Heartbeats linger
at curb's edge
as sunrise walks
then it's the day
the sun a flickering exit sign
leaning against suburban streets
and the day is flat,
immobile as
a lizard on afternoon stone
at last we rejoin
soft & tender as mist
at dormer windows
You may recall that final stanza from an entry I posted a little over a week ago.
As I mentioned then, Ivy (in Cardiff, Wales, UK) has agreed to let me join the "Poem Postcard a week" discipline for the remainder of October. Though nothing has been said about sharing these cards with the internet world, I felt it appropriate not to share these poems until Ivy had a chance to read them.
Ivy has posted a comment below to note that she has received my first card. I received my first card from her on Monday or Tuesday of this week. Her card has some neat images — both in the text, and on the card.
I mailed her a card last Thursday (actually a day early); I'm working on a poem to send this Friday. Oh, yeah — tomorrow. Technically, that would be the end of the thing. But I've got one more stamp, and I've actually gotten some Oklahoma tourist postcards to share with her. So she'll receive at least one more card.
Reading this poem with a little over a week's distance, it seems to me it may suffer from some of my typical excesses.

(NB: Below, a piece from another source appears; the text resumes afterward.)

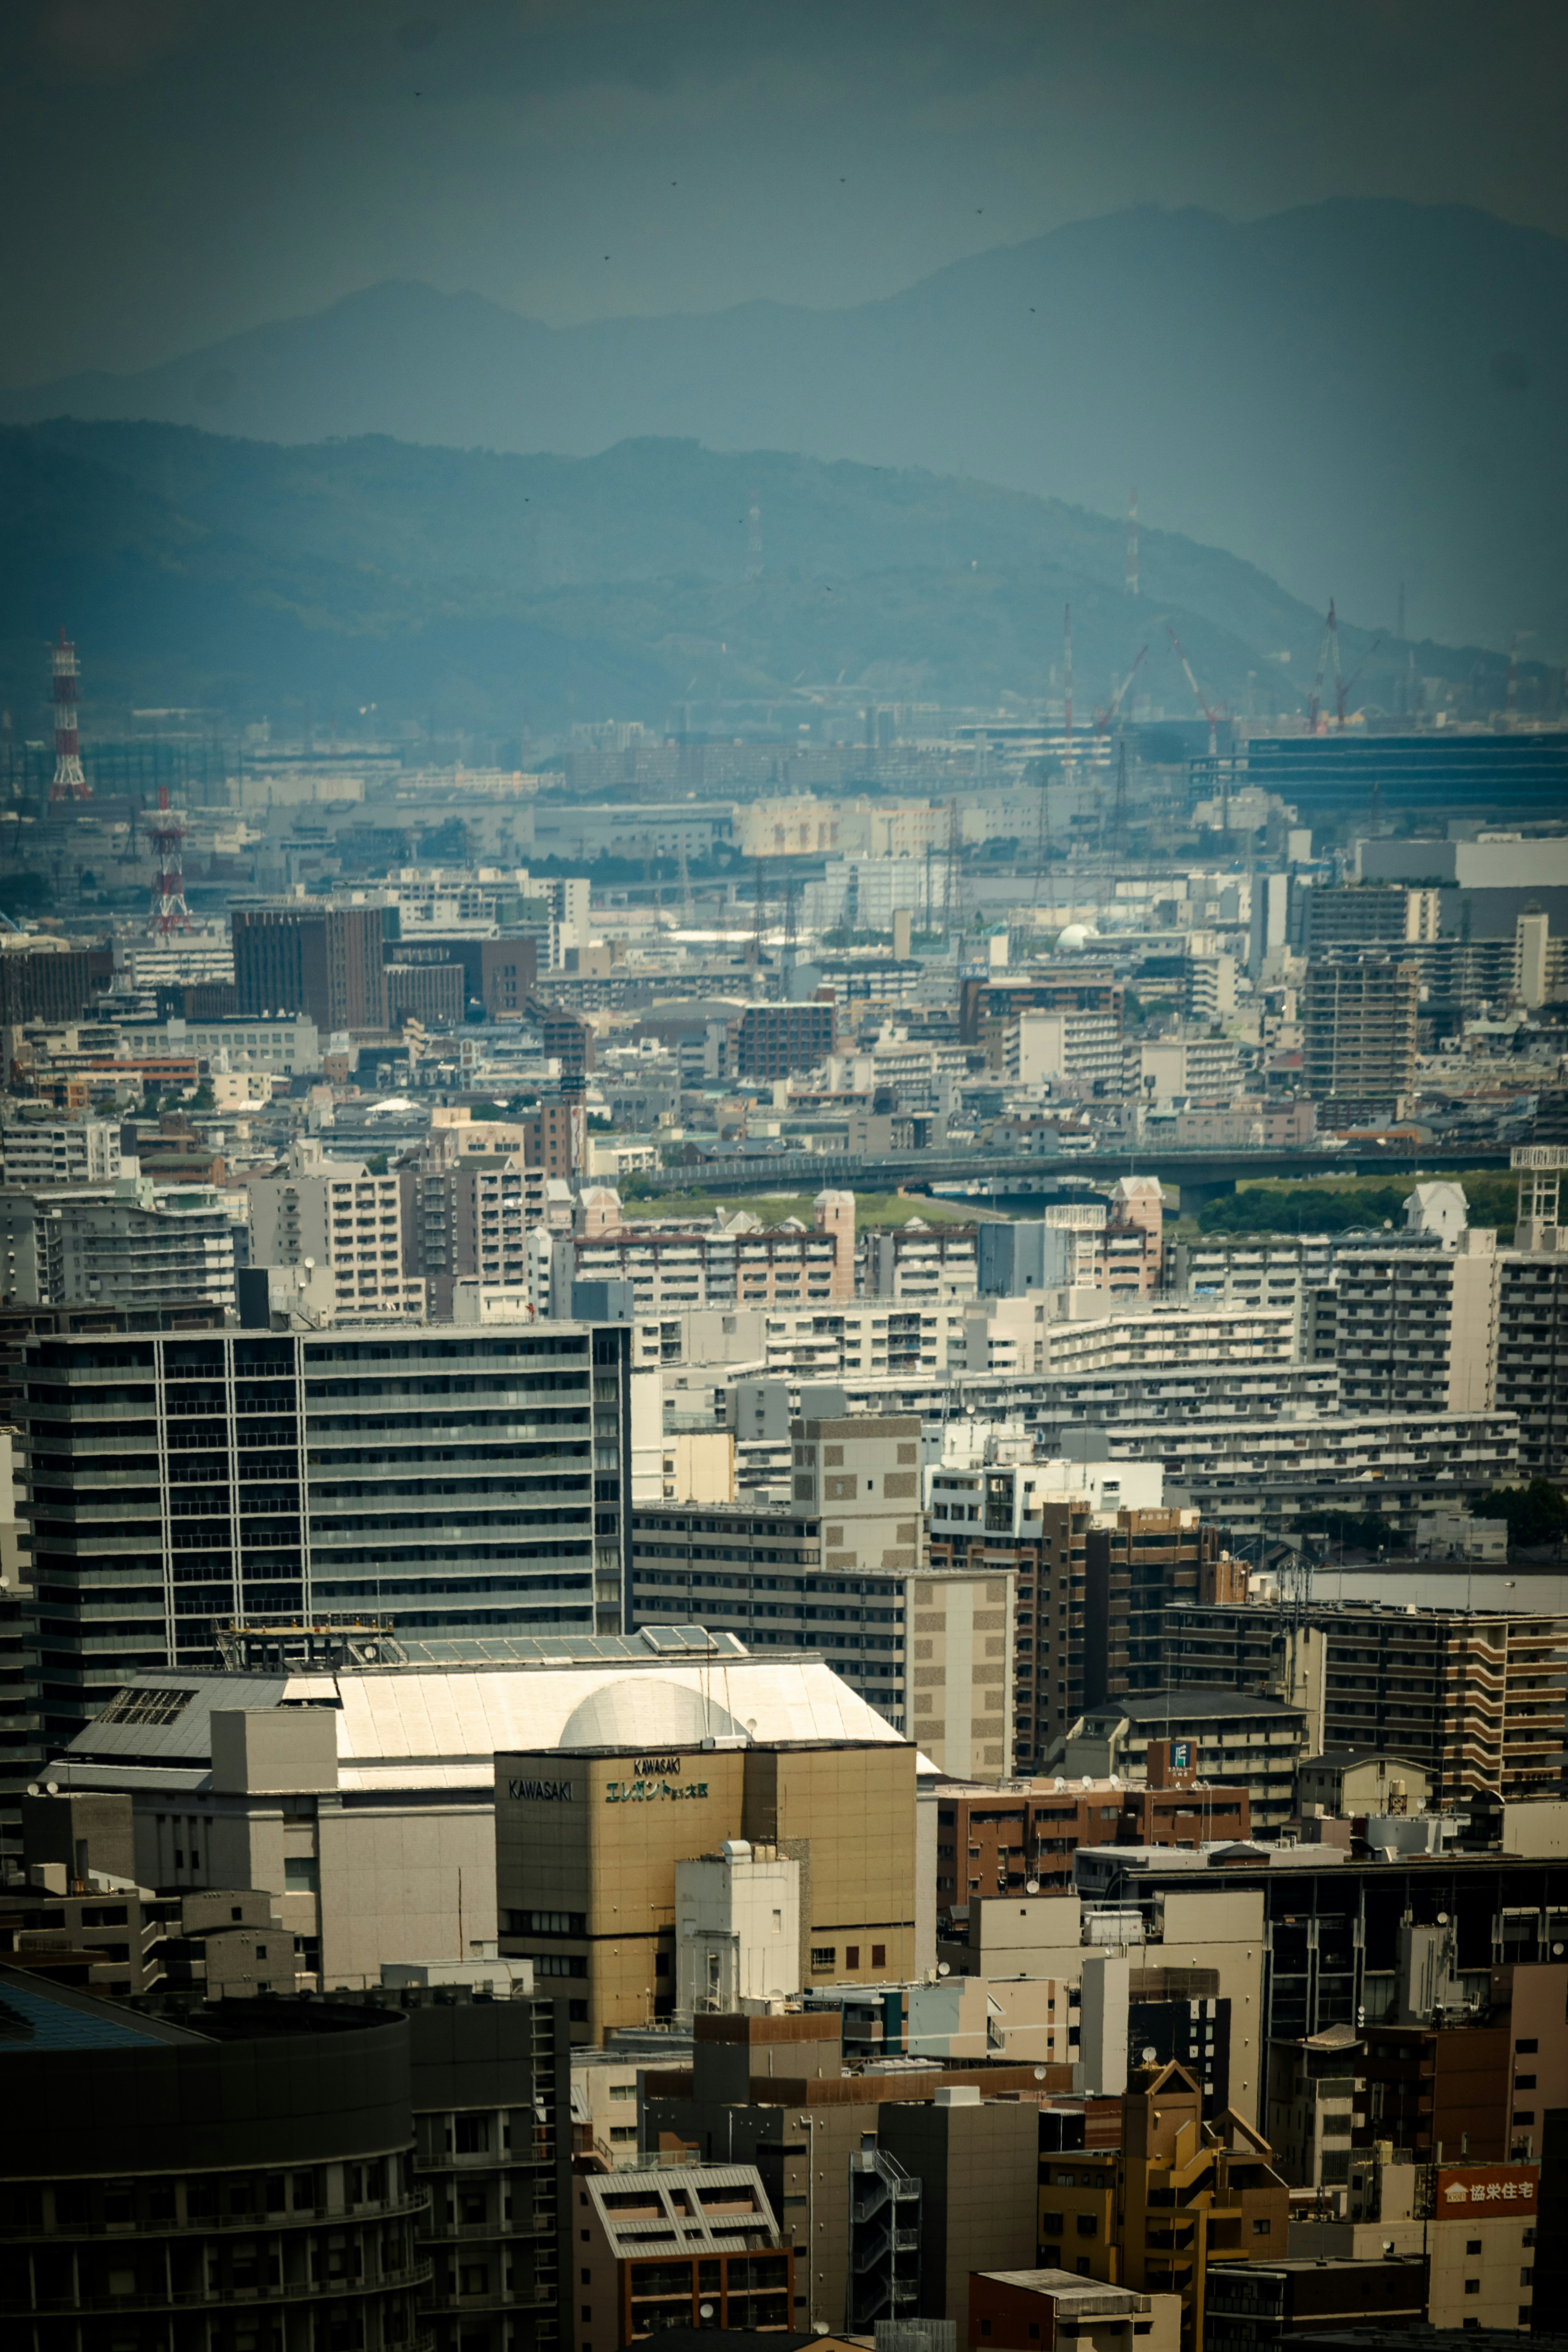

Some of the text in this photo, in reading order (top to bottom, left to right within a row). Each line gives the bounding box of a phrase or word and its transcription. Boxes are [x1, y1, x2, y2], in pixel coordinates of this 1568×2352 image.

[634, 1757, 681, 1775] KAWASAKI
[508, 1780, 573, 1801] KAWASAKI
[1470, 2181, 1533, 2202] 協栄住宅

For one thing, there's no title; I've become exceedingly lazy about titles. In submitting work to Poetry Bay, I've had to give the poem a title. In this case, I guess I'd use the first line as a title.
I'm also lazy about punctuation. In this example, there's just that lonely comma in the third stanza. My stanzas tend to be "sense units", especially when I'm doing these postcard poems. Each stanza is roughly equivalent to a sentence; each line is roughly equivalent to how I hear the thing in my head. I'm not consistent about this, which surprises me not the least.
Lately, I've been a little more interested in arresting images than I am in rhythm and structure. Here, the third stanza again stands out, though I suspect it's not original.
Now, why don't I fix these perceived shortcomings before sharing the poem with the world? Well, simple laziness is a big factor here. I'm also as interested in the process as I am the final product (one reason I like to peak in on Mike Snider's Draft House on occasion).
Additionally, a great deal of the time I seem to be writing for an audience of one — myself. Once I've communicated whatever I need to hear, the thing seems done. Would it be better if I honed it, so it would speak to you as well?
Of course, I have no idea of knowing whether this poem — if we may call it that — speaks to you. If it does, that's marvelous. If it doesn't, perhaps the next poem will.